What I've recently realized, though, is that the challenges we've faced in the last year have really strengthened our marriage. I loved Brian when I married him, but truly, I didn't know what it was all about. We were ignorantly happy (not that that's bad!)

So, on the first leg (ahem....sex), we've been really blessed... I'll say nothing more than this, because it's an important part of my testimony. When I was in the seventh grade, I was at church camp and I signed a True-Love-Waits card. Most of you probably know what this is, but for those who don't, it's a pledge saying you'll wait until marriage for sex. I really didn't think about it too much until college (I had NO boyfriends in high school who were worth it! Socially Correct Disclaimer: But I'm sure they've grown into well-rounded and pleasant men who their wives treasure and adore today.) In college, however, sex was the norm. There were a ton of guys who I was meeting (and honestly not too interested in) who expected girls to give it up- and here's the thing- most of them did!! So, duh, of course guys expected it! But I digress...

Then, I met Brian. Who I was wildly attracted to. Wow. And all of a sudden, that pesky true-love-waits card reared its ugly head. I'm sure a lot of people signed those cards, and then didn't give it a second thought when they were rounding third base and headed home in the bed of a pick-up truck. HOWEVER, I thought of nothing else. I couldn't get it out of my head that I was falling in love with this amazing man and the only thing I really wanted to do was IT and somehow, it just didn't seem right. So I shared this with Brian. And you know what?

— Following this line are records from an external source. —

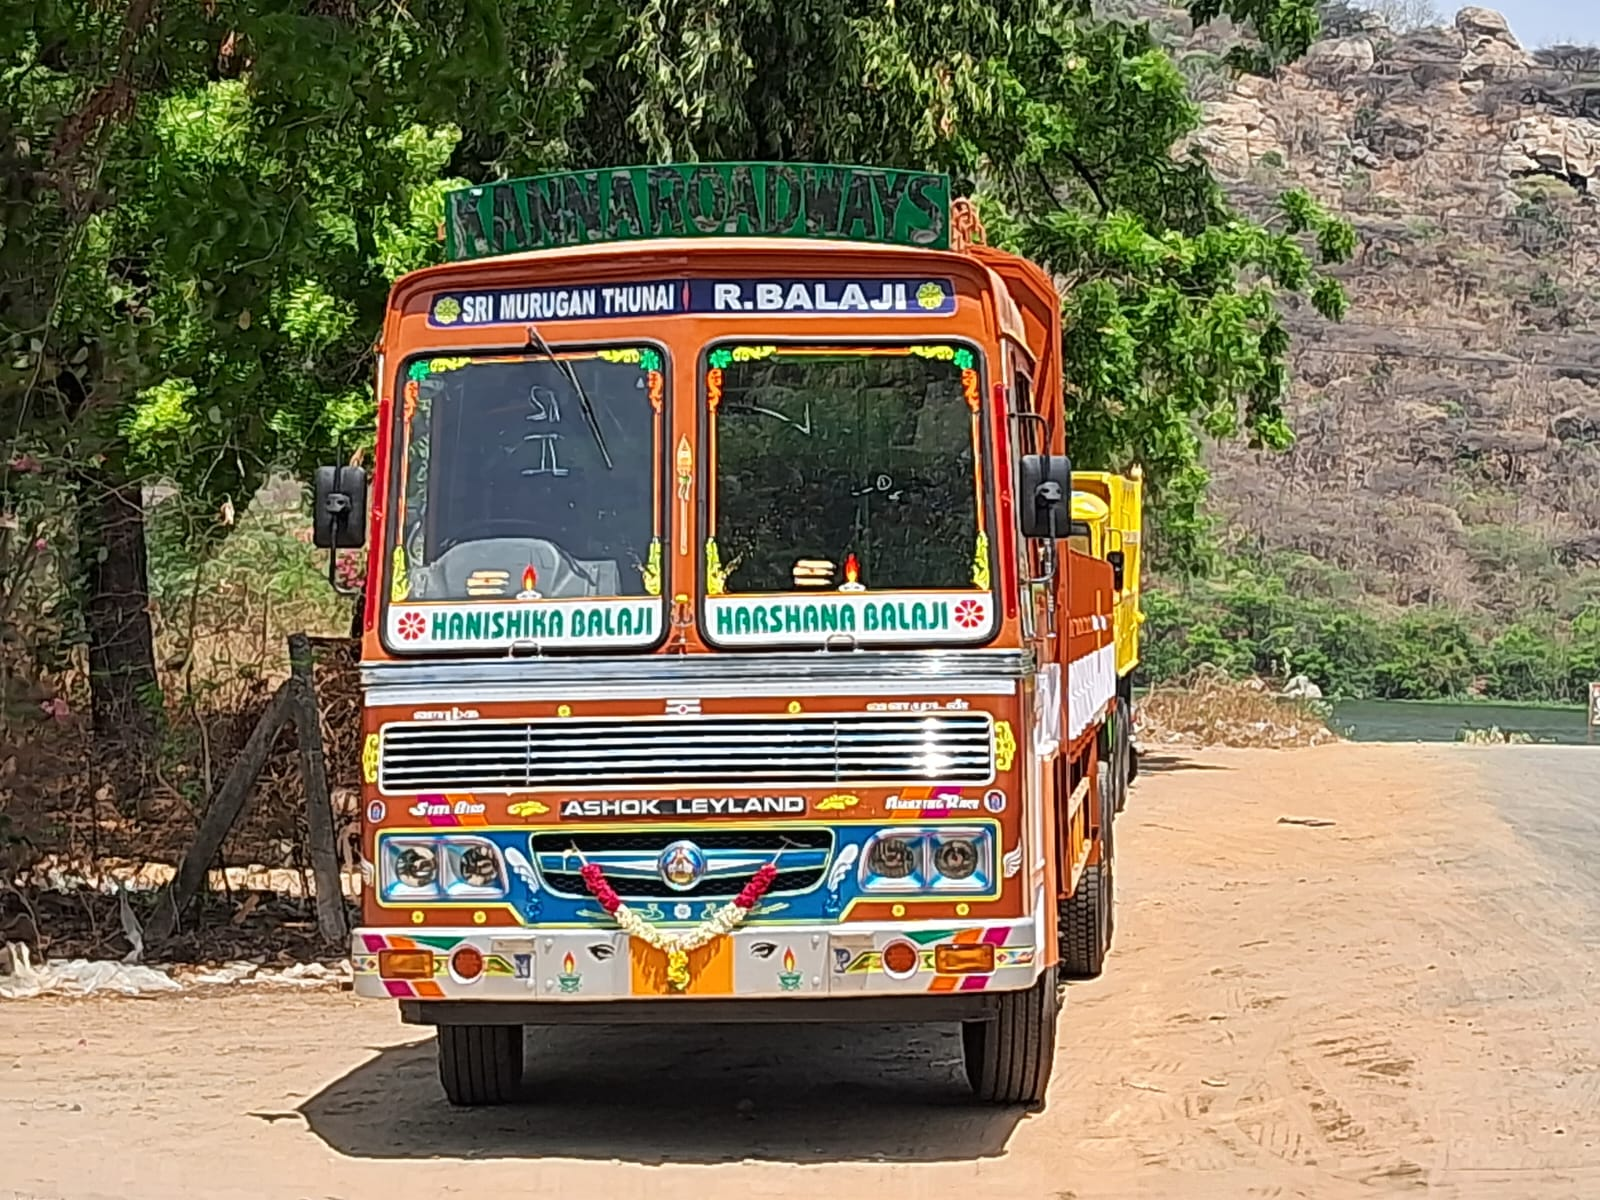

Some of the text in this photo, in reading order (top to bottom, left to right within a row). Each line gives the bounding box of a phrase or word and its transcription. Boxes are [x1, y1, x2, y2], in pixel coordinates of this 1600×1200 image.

[462, 284, 675, 323] SRI MURUGAN THUNAI
[713, 282, 908, 311] R.BALAJI
[431, 606, 653, 641] HANISHIKA BALAJI
[716, 601, 949, 635] HARSHANA BALAJI
[560, 796, 805, 817] ASHOK LEYLAND

True love DID wait. Thank the blessed Lord above, Brian was right there with me. I had made a promise to God, and we made a promise to each other that we would wait, and we did.

So there's the first leg....

Second leg is God. When Brian and I were dating, I guess it had been around 2 months, I couldn't find anything wrong with him. I kept waiting for the other shoe to drop- waiting for him to announce that by the way, his dream was to live in Antartica and, in fact, he was leaving for his 7-year sabbatical there next week. But no. No such thing occurred, but we still hadn't talked about the one thing that I figured would be a deal breaker. (Not because he acted like such a heathen, but because this was probably the one thing that I couldn't deal with.) Right before Easter weekend, I asked him:

Kelli: "So, what are you doing for Easter weekend?"

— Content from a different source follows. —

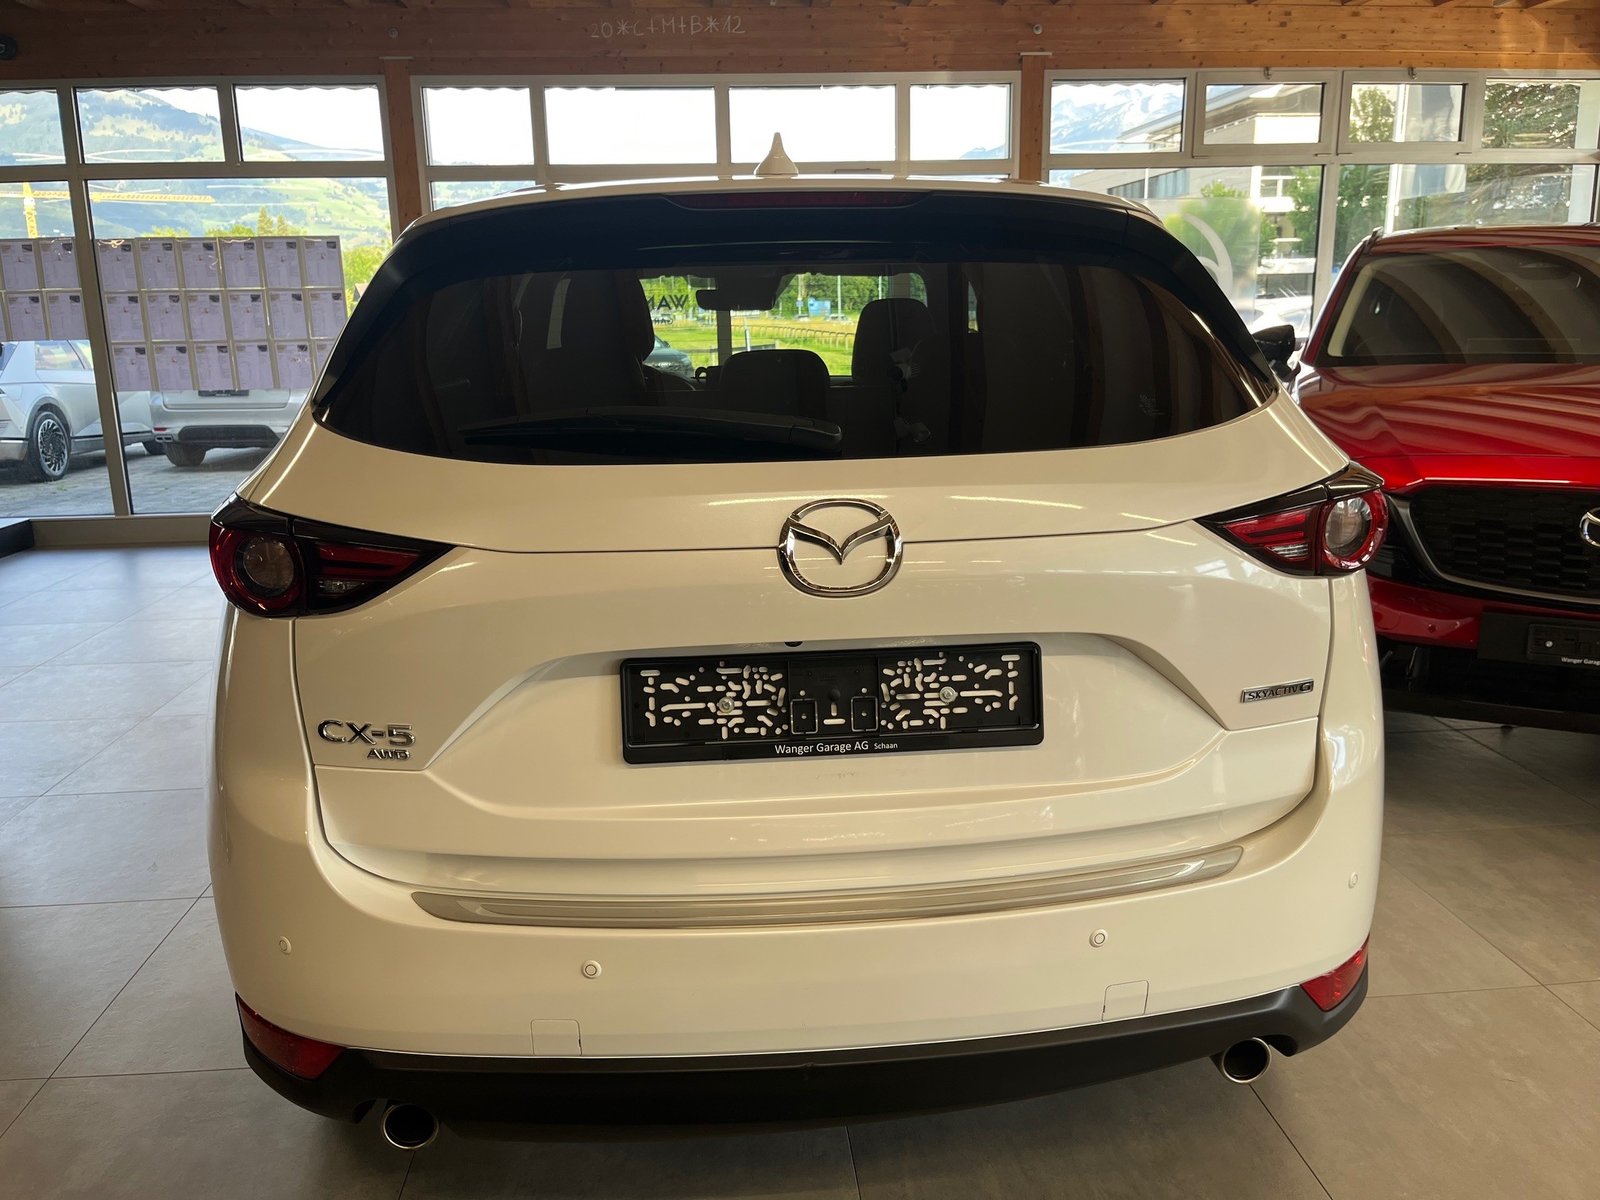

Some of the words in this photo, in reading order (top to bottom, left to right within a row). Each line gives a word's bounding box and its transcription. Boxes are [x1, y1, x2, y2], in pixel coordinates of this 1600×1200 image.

Brian: "I'll hang out with my family and go to church on Sunday."

Kelli: "You go to church?"

Brian: "Yeah. I haven't been in a while, but I always went to church when I was younger."

Kelli: "Oh yeah? What religion?" (Holding breath...please don't say scientology!)

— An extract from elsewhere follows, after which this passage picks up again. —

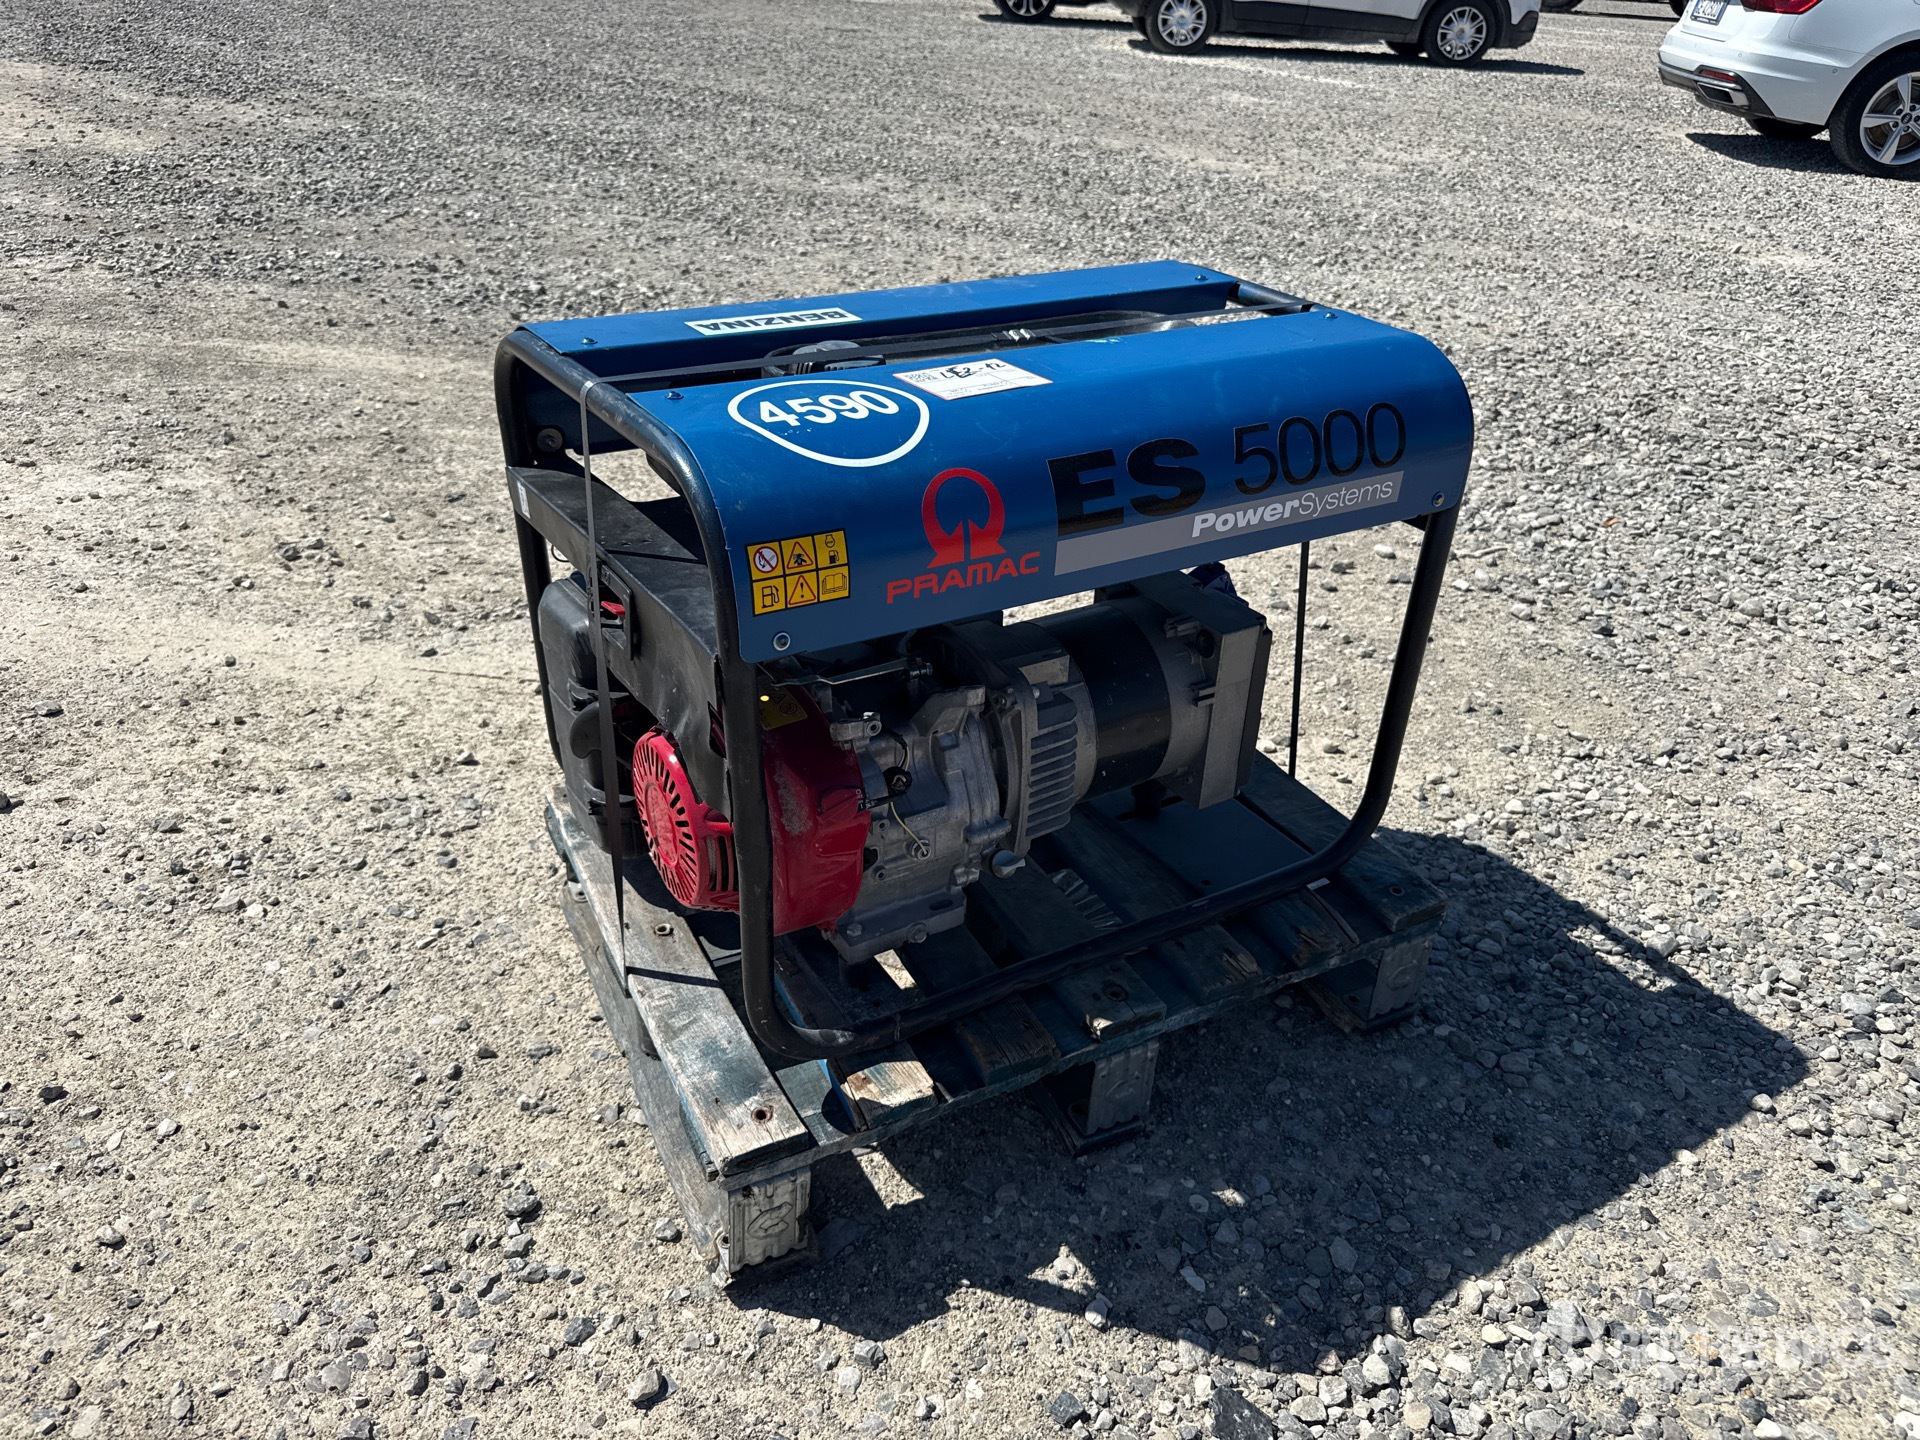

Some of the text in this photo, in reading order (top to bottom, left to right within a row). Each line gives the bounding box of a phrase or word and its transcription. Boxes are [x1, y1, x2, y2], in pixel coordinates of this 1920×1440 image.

Brian: "I went to a Baptist church when I was younger, but now a Methodist church."

Kelli: "Really? I grew up Baptist... Maybe we should go to church together sometime..." (Holding breath again.... please don't think I'm trying to push this too fast!!)

Brian: "Sure. Let's go next Sunday- do you mind going to church with my mom?"

Kelli: (inwardly- SHUT UP!! Did he just ask me to go to church with his MOM????!?!? I am IN! We are going to get married! I am going to have his babies!! Yeah, ME!!) Outwardly- "No, that's cool."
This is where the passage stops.